Master Dawn turned around, lifting a dark brow. “You are the General’s boy, aren’t you?”

The pale boy nodded carefully. “So?”

“I hear you are practicing some less than favourable skills.” Master Dawn paused, his now dark eyes moving up and down the boys form. “Either stop or start hiding better.” The pale boy opened his mouth to reply, but Master Dawn cut him off. “You are dismissed. I need to speak to Mister Sullivan alone.”

The boy opened his mouth again. Bellatrix stopped whatever he had been about to say with a sharp pinch. Her eyes were focused on Master Dawn cautiously.

“Excuse us, Master Dawn.” Inclining her head in a small bow Bellatrix left, dragging her brother behind her. He didn’t look impressed. Glancing back at Tommy once, he shut the infirmary door behind him.

“Nurse Cecilia you are dismissed as well.” She opened her mouth to reply. “You have also been relieved of duty. Pack your things and leave. The Professor wants you off the school grounds by sundown.”

Tommy thought the lady would throw a fit. Throw some of the vases with sunflowers and violets around. Over turn some beds. Maybe try and curse the guy who had just fired her. She did none of those things.

With a low bow, she picked up her wand and left without another word. When she was gone, Master Dawn spoke again, “I apologise. Cecilia lost her husband to a Twisted not four years ago. I did not think that she would be working the infirmary this week.”
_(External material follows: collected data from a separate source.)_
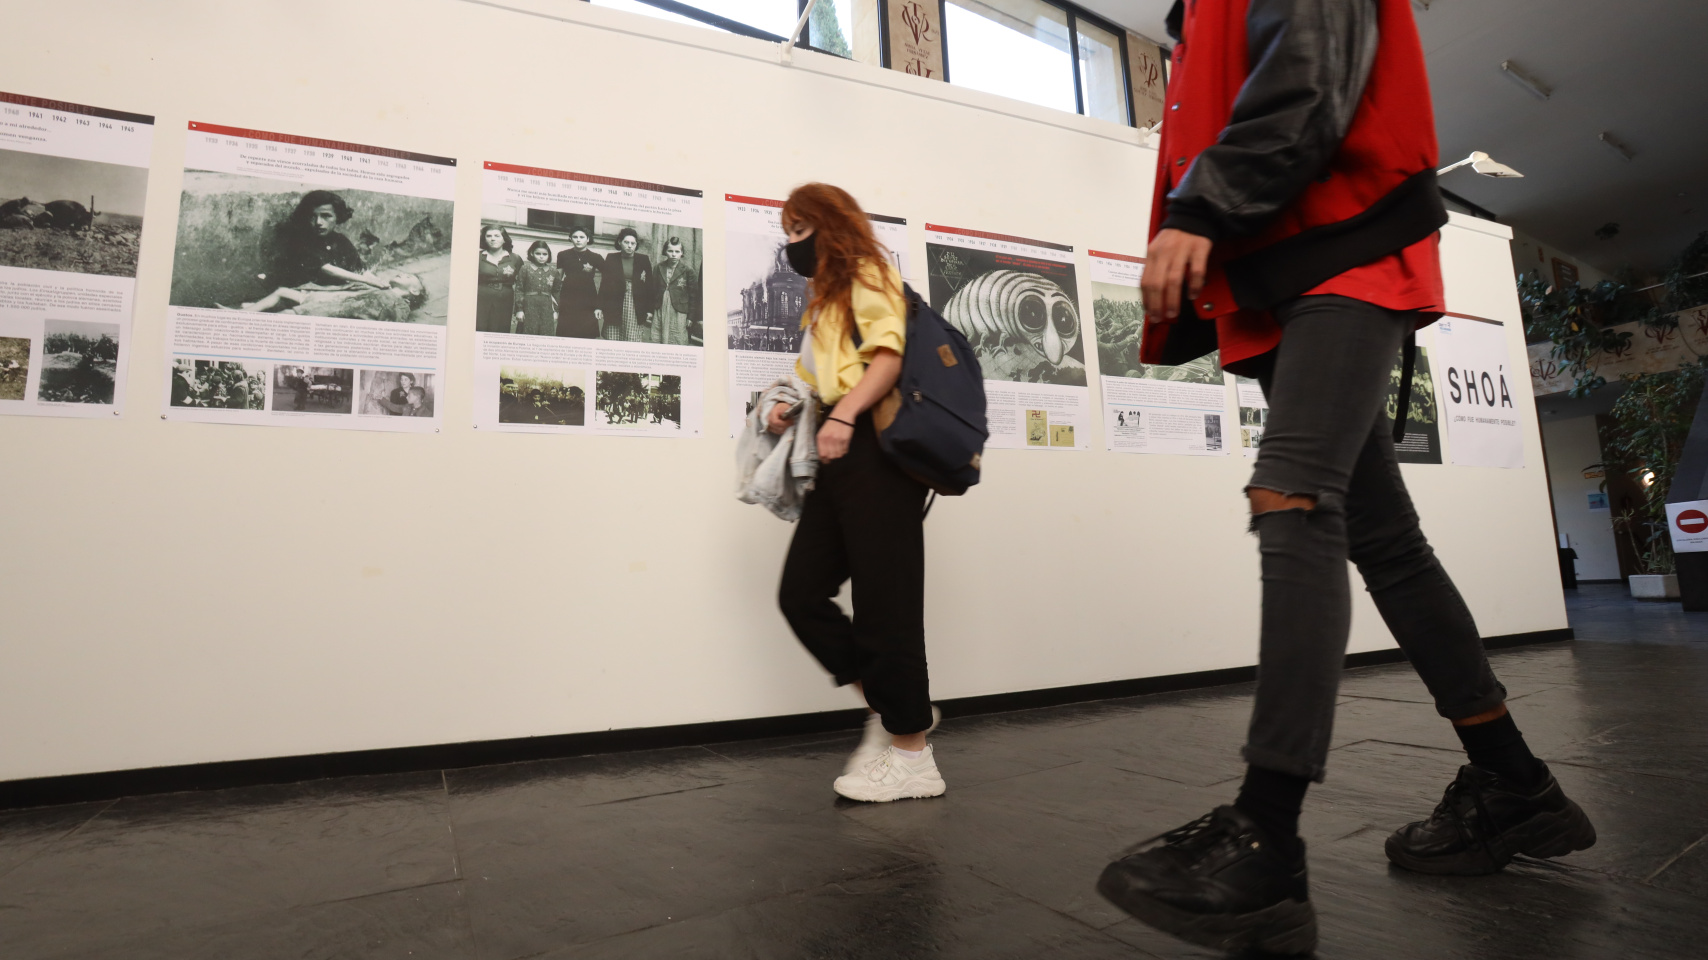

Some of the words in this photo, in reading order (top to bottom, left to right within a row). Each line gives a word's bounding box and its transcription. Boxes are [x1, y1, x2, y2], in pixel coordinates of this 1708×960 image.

[42, 100, 96, 115] POSIBLE?
[28, 111, 43, 119] 1941
[76, 118, 90, 126] 1943
[278, 135, 296, 143] FUE
[1448, 364, 1513, 408] SHOÁ
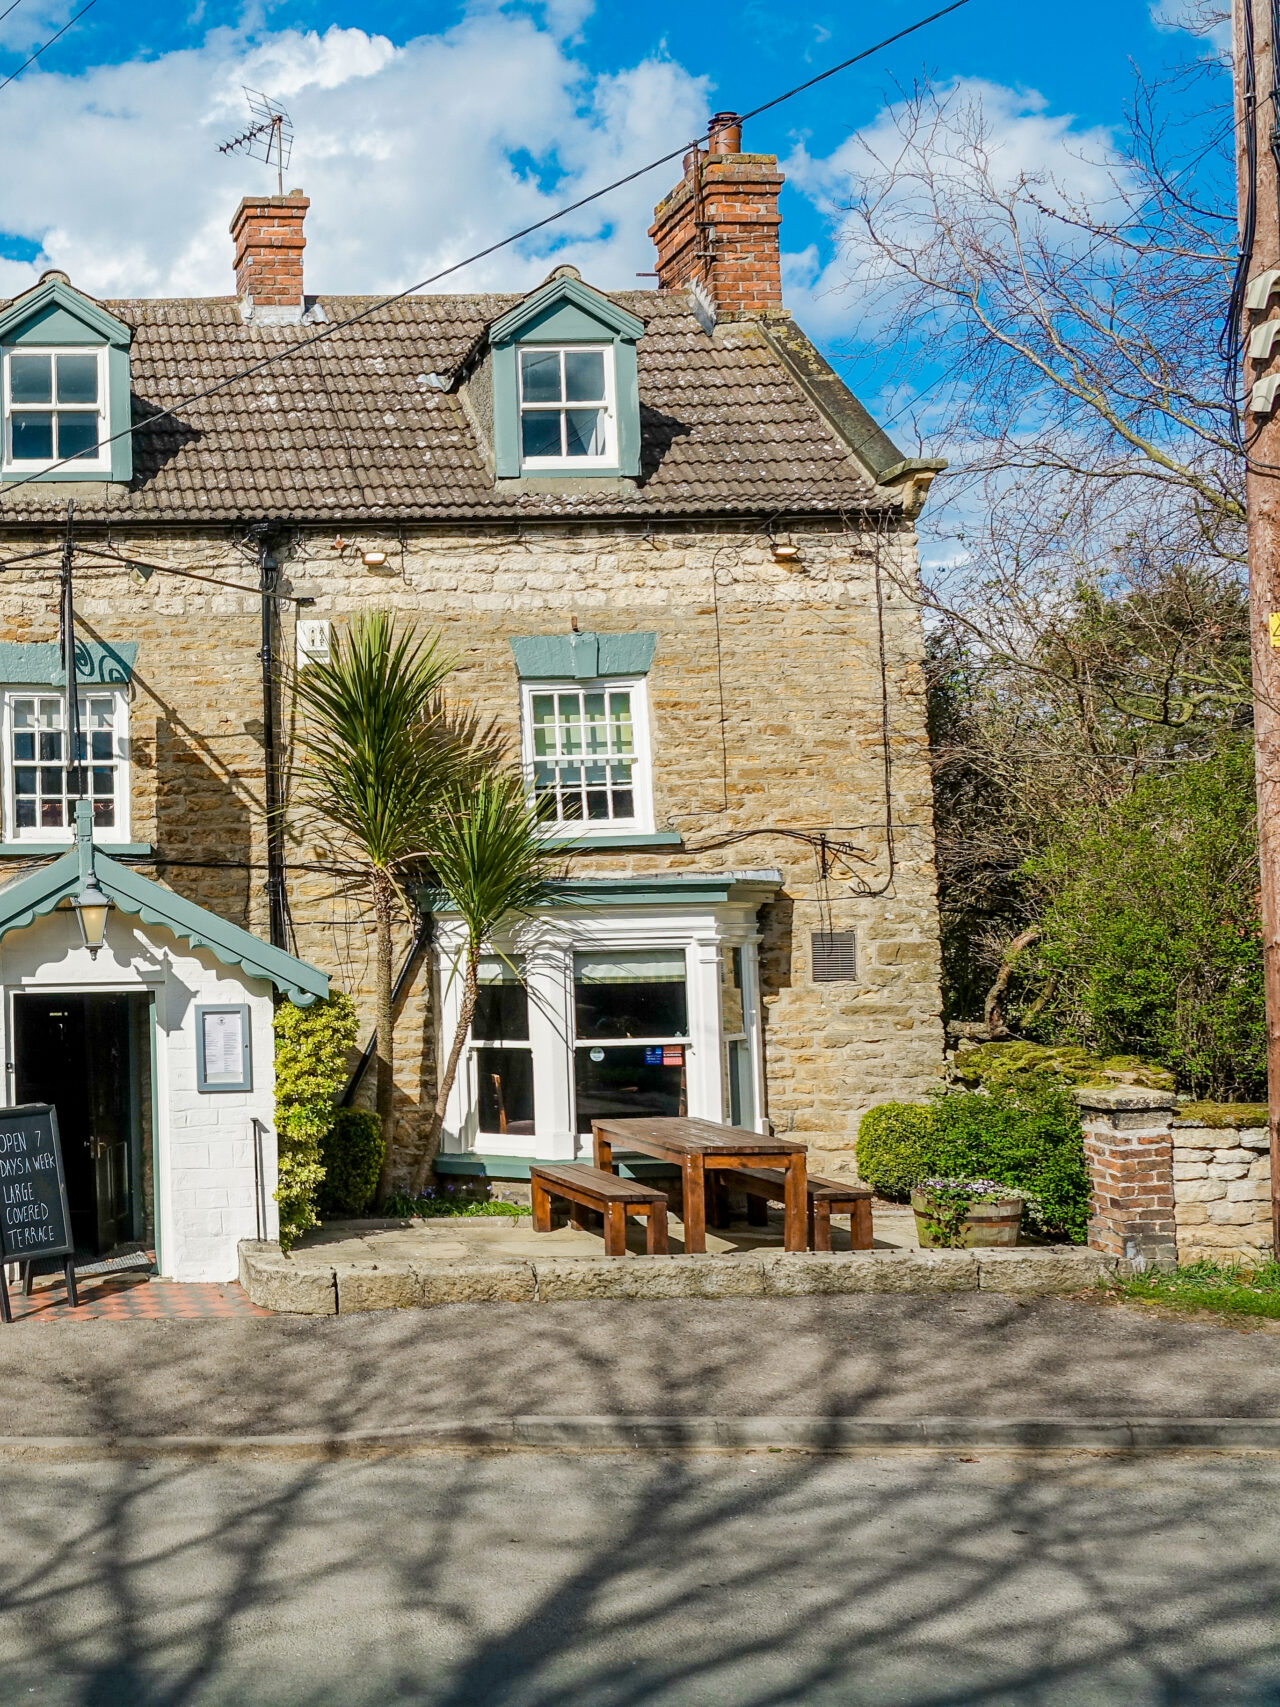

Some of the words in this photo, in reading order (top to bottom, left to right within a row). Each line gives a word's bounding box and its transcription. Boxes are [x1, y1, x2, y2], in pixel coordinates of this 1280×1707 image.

[34, 1130, 41, 1148] 7
[0, 1157, 24, 1178] DAYS
[25, 1157, 32, 1174] A
[32, 1152, 56, 1170] WEEK
[3, 1182, 35, 1204] LARGE
[6, 1202, 49, 1225] COVERED
[7, 1225, 55, 1249] TERRACE
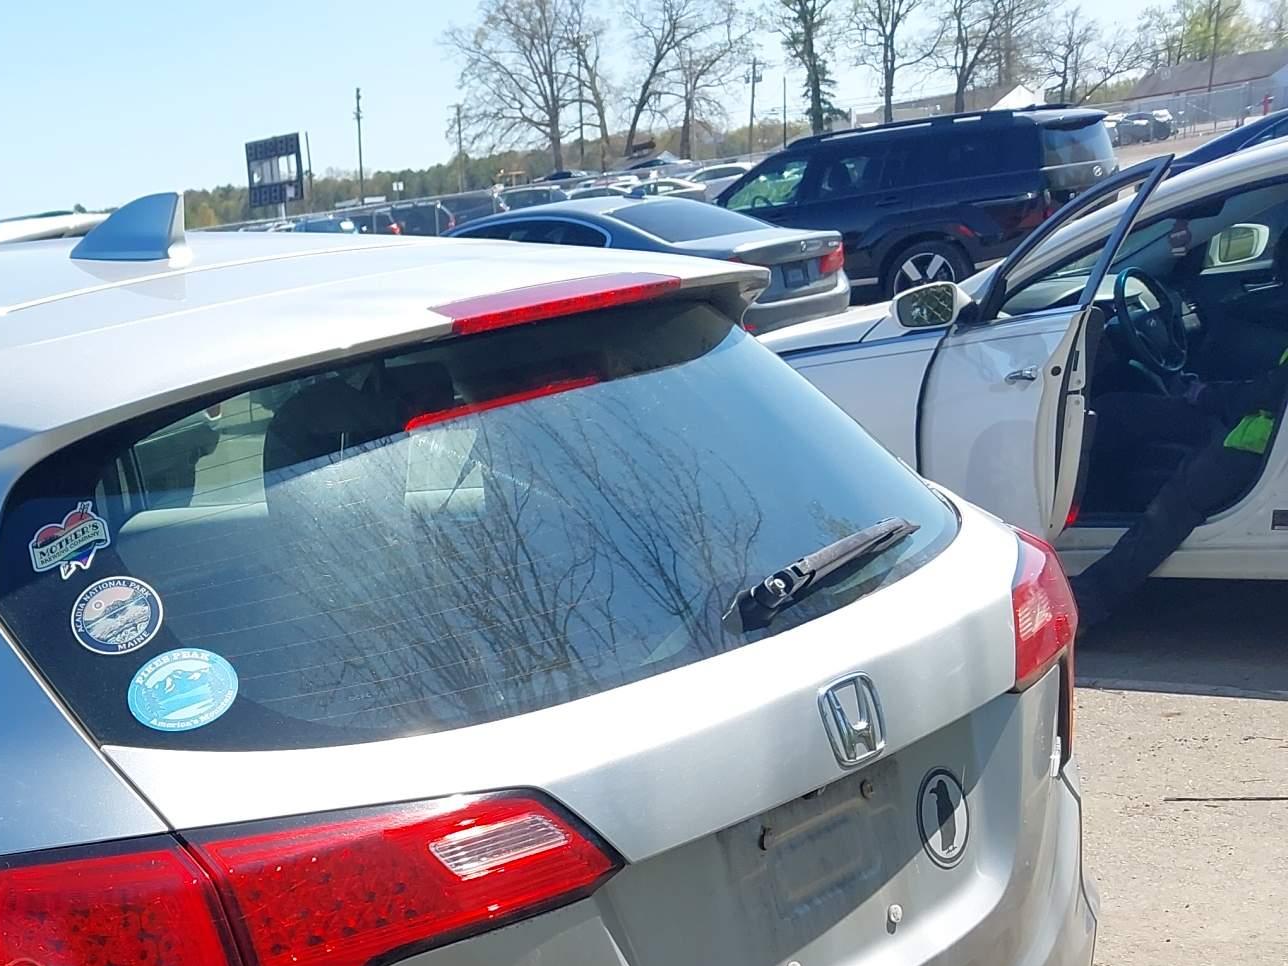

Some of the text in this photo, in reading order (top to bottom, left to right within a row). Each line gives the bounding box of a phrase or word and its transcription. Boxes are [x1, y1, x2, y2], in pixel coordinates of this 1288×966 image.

[38, 521, 100, 560] MOTHER'S
[39, 531, 101, 566] BREWING COMPANY
[75, 580, 152, 633] ACADIA NATIONAL PARK
[117, 630, 151, 652] MAINE
[135, 650, 211, 686] PIKES PEAK
[149, 689, 234, 730] America's Mountain
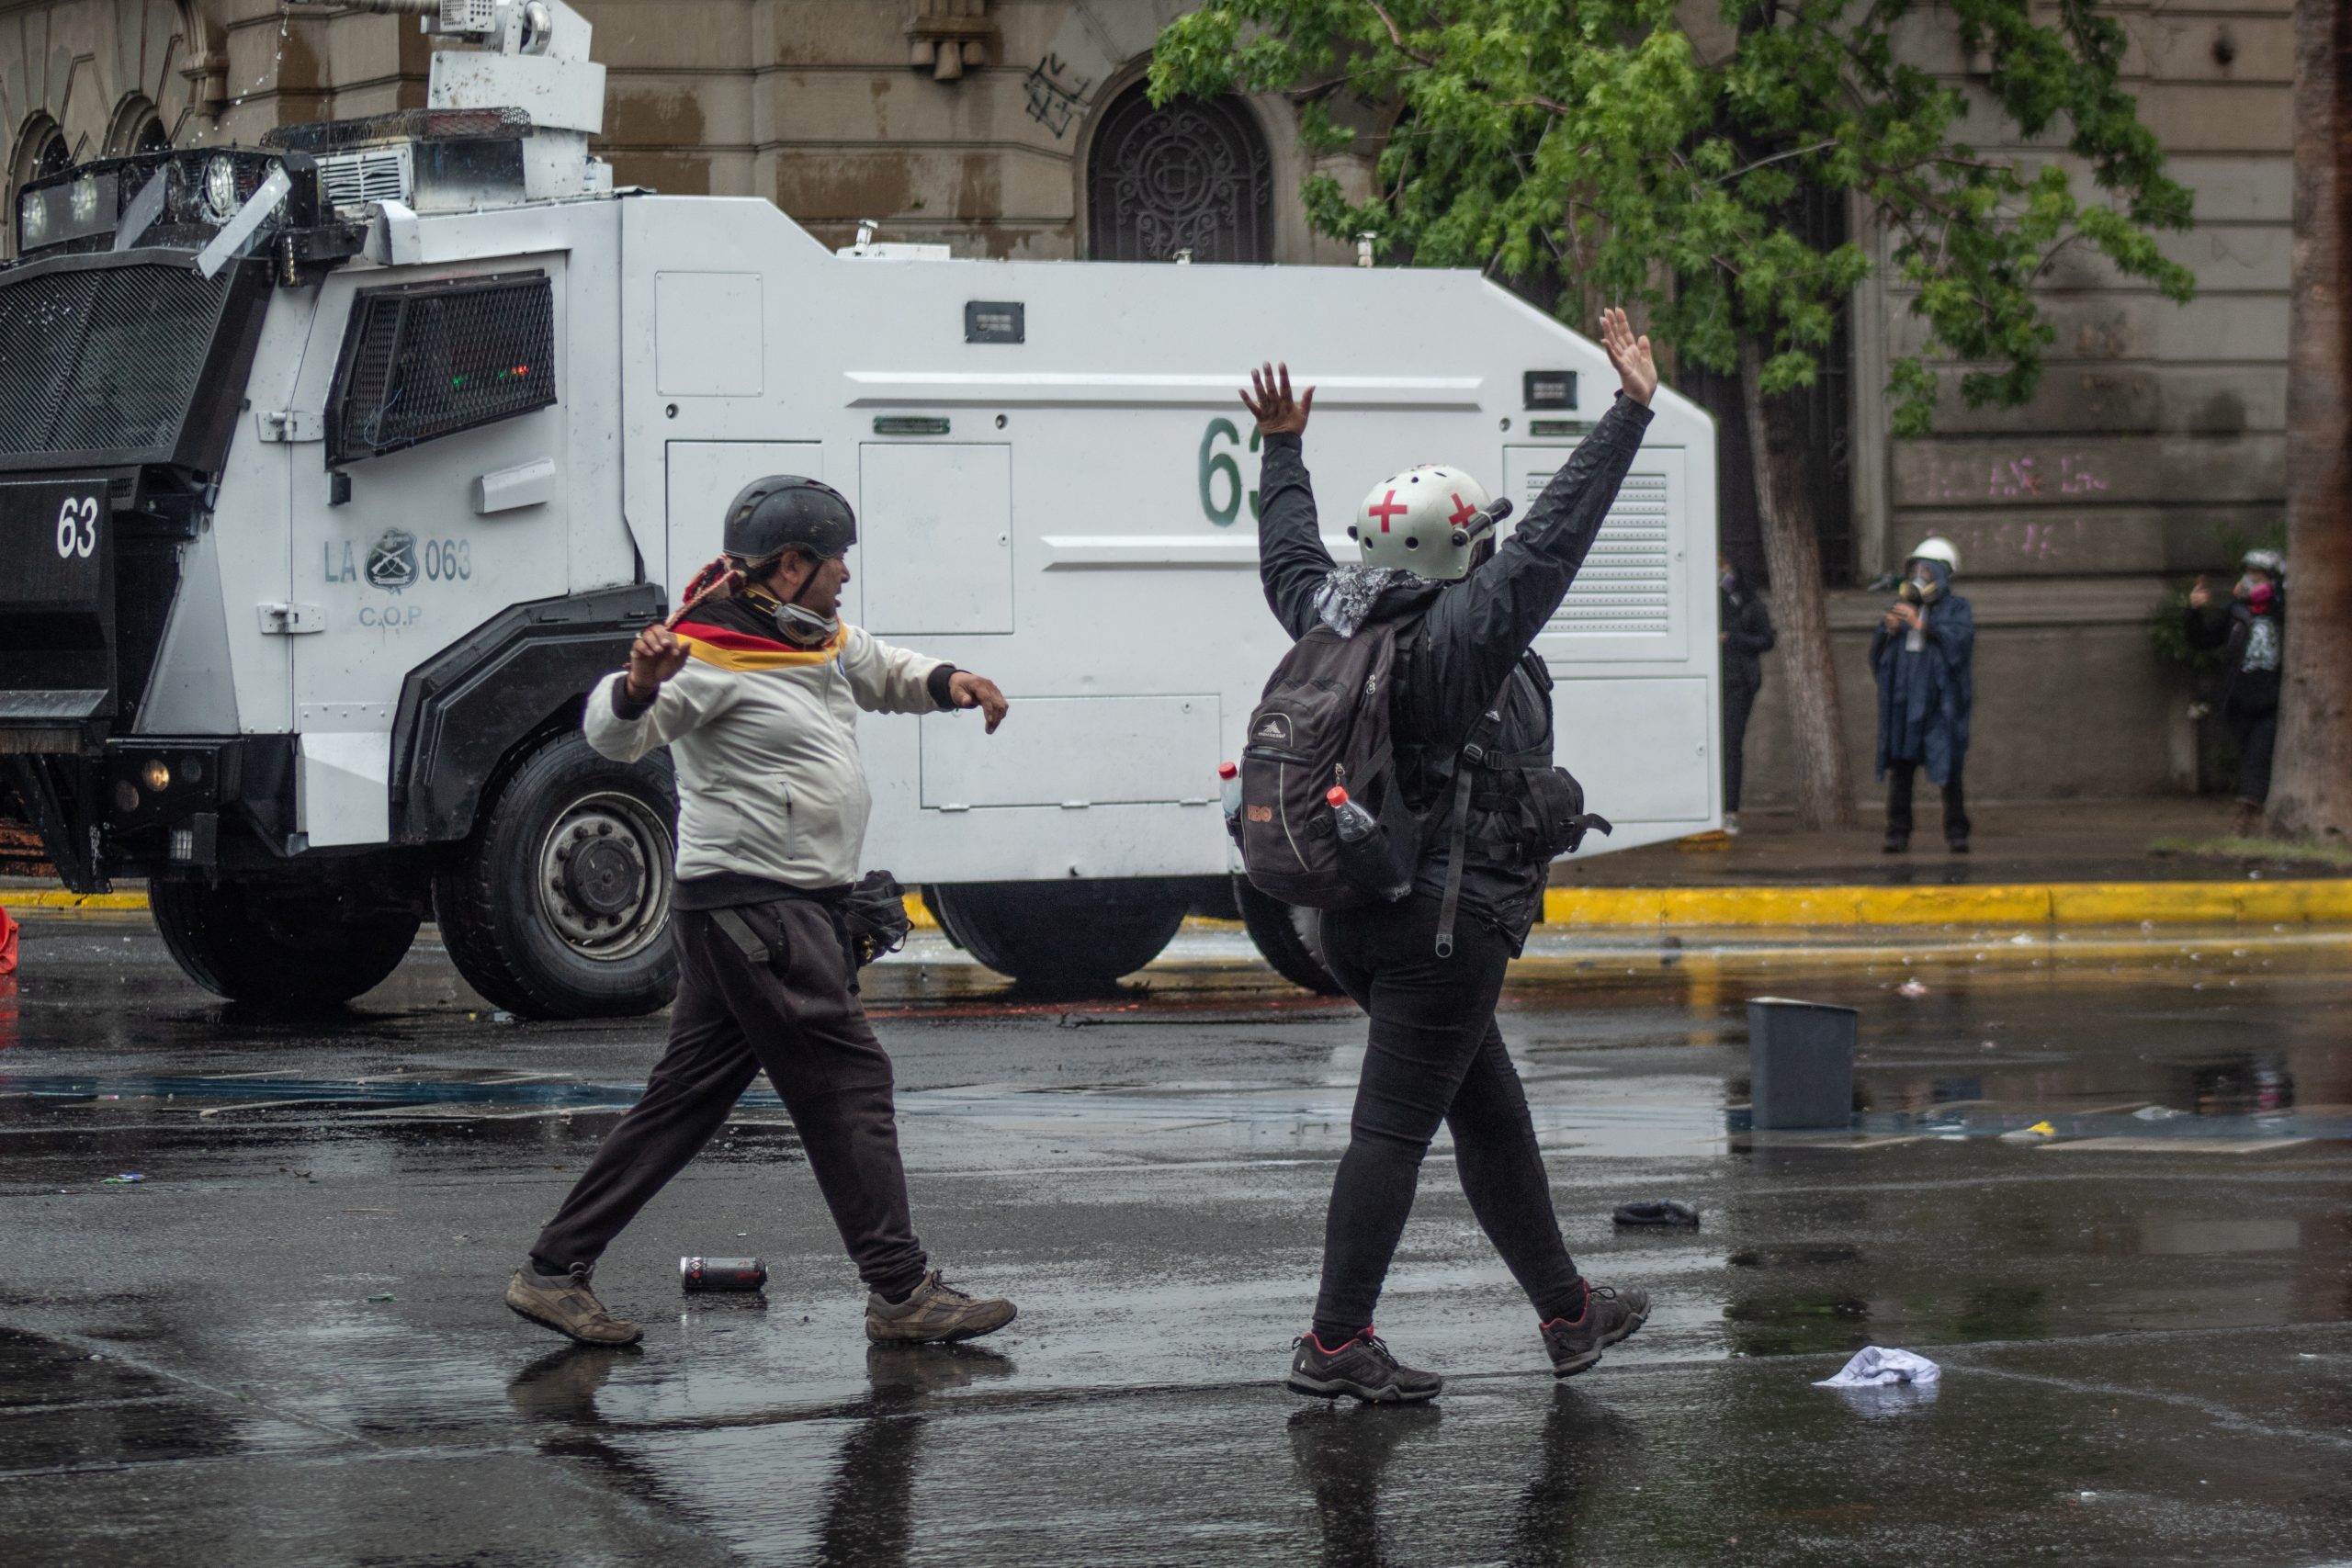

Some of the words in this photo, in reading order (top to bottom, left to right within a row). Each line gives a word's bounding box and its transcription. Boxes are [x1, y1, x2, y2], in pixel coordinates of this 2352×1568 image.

[57, 497, 97, 558] 63
[324, 540, 356, 582] LA
[425, 539, 471, 581] 063
He stepped forward, helping Tommy up off the ground before dumping him on a bed. Tommy coughed a few times after his gag was removed, clearing his throat and spitting out more blood.

“Just what is a Twisted? And who the heck are you? And where am I?”

Master Dawn chuckled darkly. “A Twisted is a sorcerer who has become consumed by Nether and who uses wandless magic. They are strong and volatile. Most have no mind left, or very little. They are killers with no remorse. As to your second question, I am Master Dawn.” With a flick of his fingers, Tommy’s chains vanished. “Welcome to the School of Sorcery.”